We examine the grounds of appeal.

(1) Article 51(1) of the Framework Act on National Taxes provides that when a taxpayer has overpaid or erroneously paid national taxes, additional dues, or expenses for disposition on default, or there is a tax refund to be refunded under the tax-related Acts, such overpaid or erroneously paid amount, overpaid or refundable amount shall be refunded immediately. Of these, the tax refund system that is to be refunded under the tax-related Acts is deemed to be fair in the structure of each tax-related Act in order to contribute to a balanced industrial development, or in a case where it is deemed appropriate to refund national taxes in consideration of policy consideration for contributing to a balanced industrial development, it is specifically acknowledged upon a tax-related request, and thus, it is only possible to refund a tax if there is a provision in the relevant Act, and the principal tax shall not be deemed to have been refunded, even if there are no grounds

(2) According to the provisions of the Act on Special Cases Concerning the Refund of Customs Duties, etc. Levied on Raw Materials for Export, when the alcoholic beverages are offered for export, the liquor tax paid at the time of import on the raw materials for export of the goods (export goods or the raw materials required to manufacture and process them) shall be refunded. Since there is no provision regarding the refund of education tax, which is the additional tax of the above liquor tax, there is no provision regarding the refund of the above liquor tax, the refund of education tax under the above Act cannot be recognized, and the education tax shall not be refunded so long as the liquor tax is refunded on the ground that the education tax is imposed in addition to the liquor tax, in light of the above legal principles. Therefore,

(3) Article 14(3) of the former Education Tax Act (amended by Act No. 4279 of Dec. 31, 190) provides that the provisions of Article 27-2 of the Liquor Tax Act shall apply mutatis mutandis to a refund of education tax imposed on the pertinent tax in the case of refunding the liquor tax.

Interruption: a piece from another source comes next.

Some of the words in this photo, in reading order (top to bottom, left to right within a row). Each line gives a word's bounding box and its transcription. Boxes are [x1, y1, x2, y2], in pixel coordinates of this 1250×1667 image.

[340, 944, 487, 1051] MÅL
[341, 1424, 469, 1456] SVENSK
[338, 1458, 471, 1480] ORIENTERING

In full view of the provisions of Articles 27-2(3) and 28(1)1 of the Liquor Tax Act and Article 32(1)1 of the Enforcement Decree of the Liquor Tax Act based on delegation thereof, only the amount paid as education tax imposed on the liquor tax on the relevant raw material alcoholic beverages shall be subject to refund only when the liquor manufactured in Korea is shipped out to a foreign country and is settled in foreign currency or goods.

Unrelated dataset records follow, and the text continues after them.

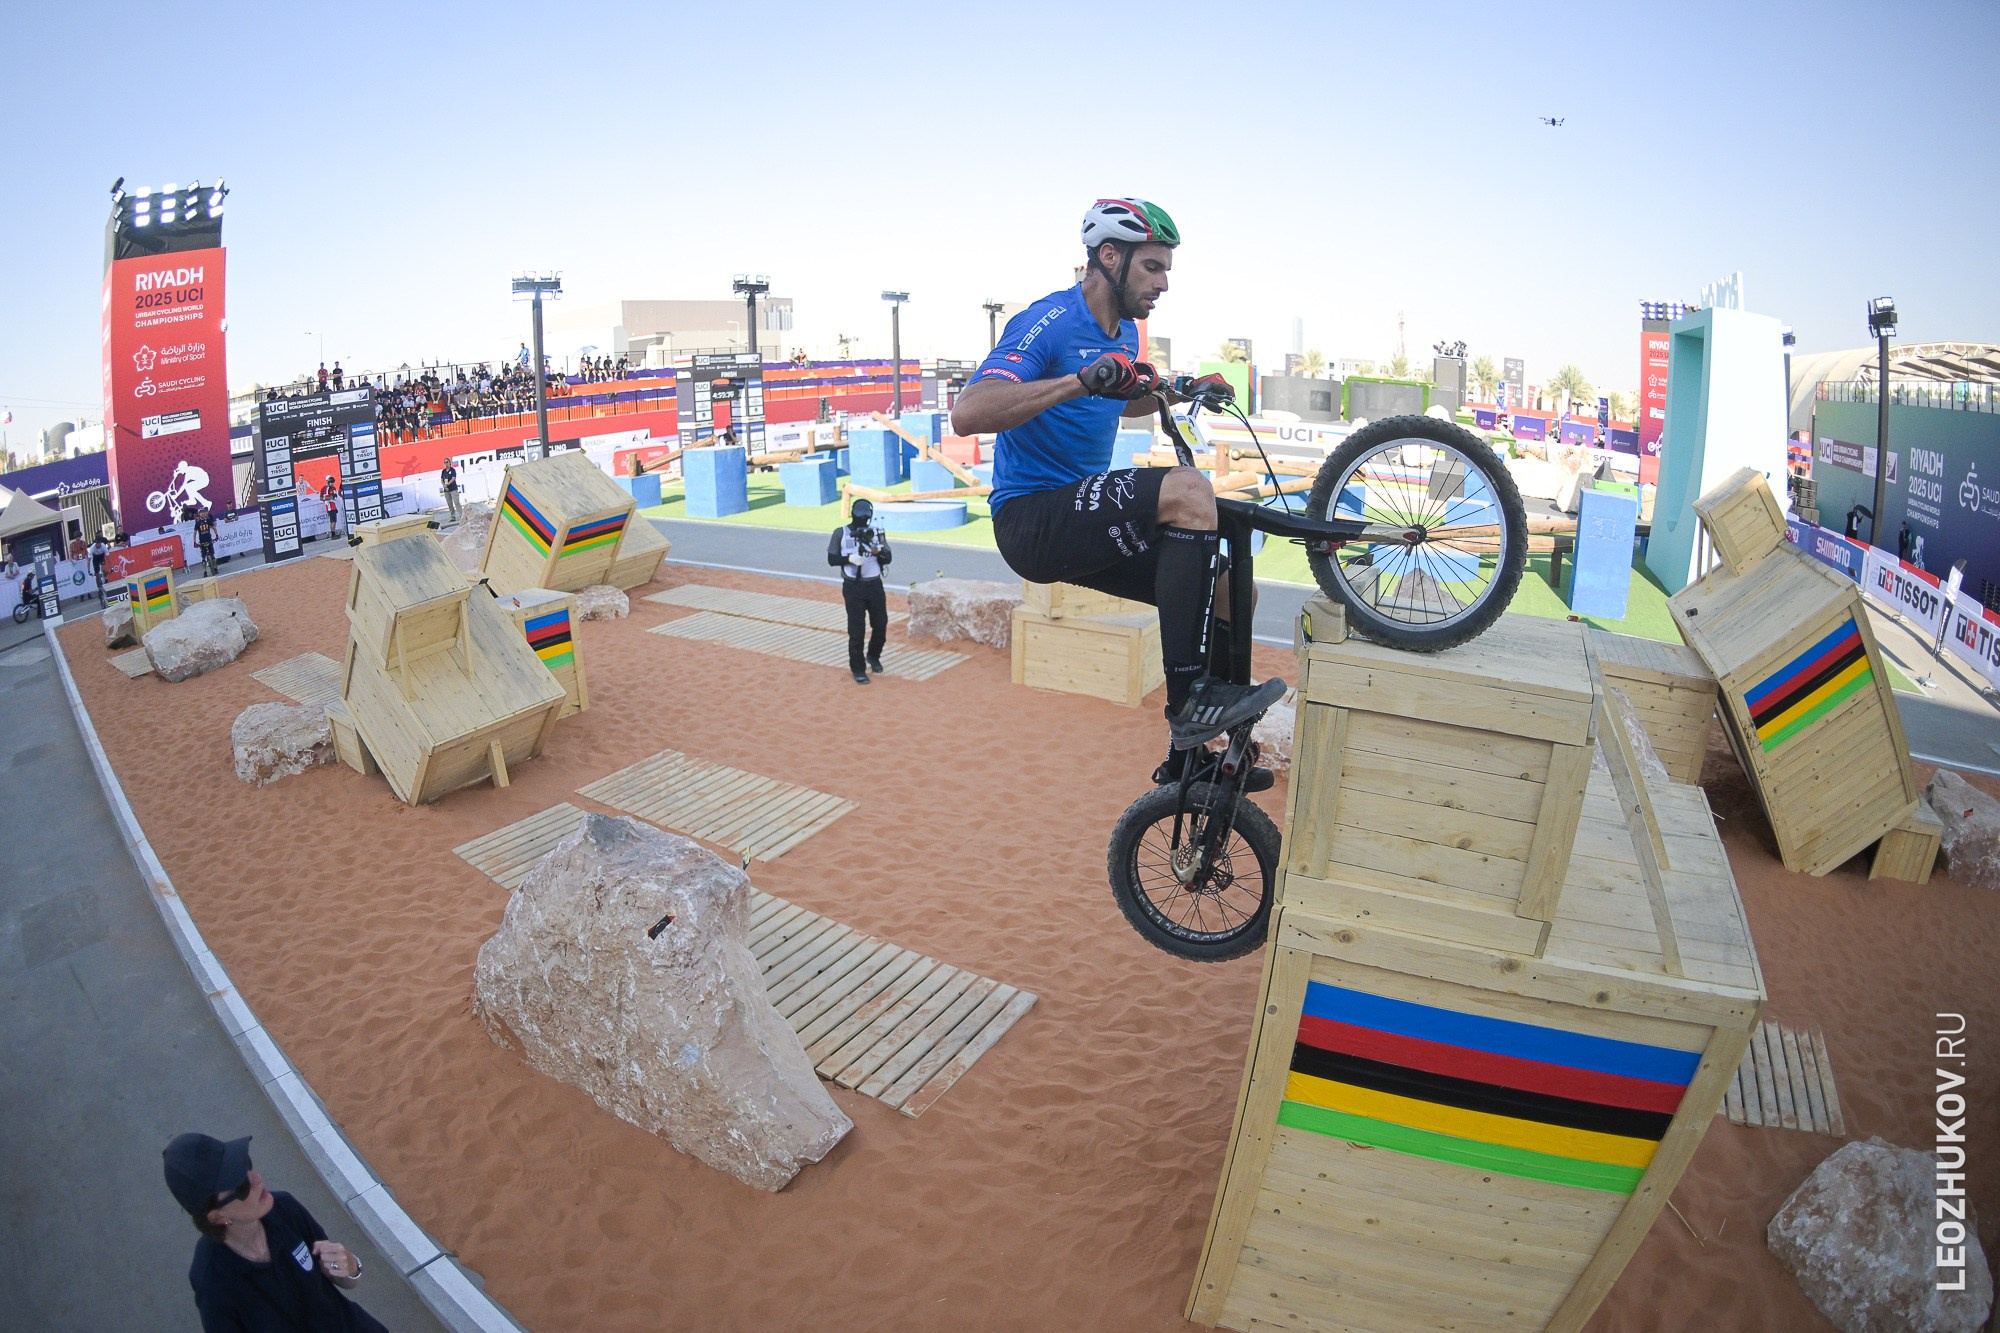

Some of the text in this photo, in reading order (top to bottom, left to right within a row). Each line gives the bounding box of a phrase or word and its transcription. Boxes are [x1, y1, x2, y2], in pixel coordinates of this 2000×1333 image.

[135, 266, 204, 292] RIYADH
[135, 288, 204, 309] 2025 UCI
[135, 304, 204, 318] URBAN CYCLING WORLD
[135, 312, 204, 328] CHAMPIONSHIPS
[160, 342, 206, 356] وزارة الرياضة
[160, 352, 206, 365] Ministry of Sport
[158, 380, 178, 388] SAUDI
[178, 376, 206, 385] CYCLING
[269, 404, 287, 414] UCI
[145, 417, 160, 426] UCI
[306, 417, 333, 428] FINISH
[1279, 427, 1313, 442] UCI
[270, 438, 286, 448] UCI
[1822, 444, 1832, 460] UCI
[1910, 447, 1944, 478] RIYADH
[1908, 476, 1943, 504] 2025 UCI
[364, 508, 380, 518] UCI
[1906, 508, 1940, 529] CHAMPIONSHIPS
[238, 530, 253, 538] وزارة
[278, 528, 295, 538] UCI
[35, 552, 52, 562] START
[151, 544, 173, 556] RIYADH
[42, 560, 48, 576] 1
[1894, 577, 1938, 620] TISSOT

However, since the plaintiff imported foreign finished products for domestic purposes and re-exported them as they are, the amount of education tax of this case paid as the additional tax at the time of import of the above alcoholic beverages shall not be refundable. The judgment below is just and there is no error in the misapprehension of legal principles as to the refund of education tax as otherwise alleged in the plaintiff's theory.

In addition, the tax base of education tax cannot be considered to be extinguished by the refund of liquor tax. The arguments are without merit.

Therefore, the appeal is dismissed and the costs of appeal are assessed against the losing party. It is so decided as per Disposition by the assent of all participating Justices.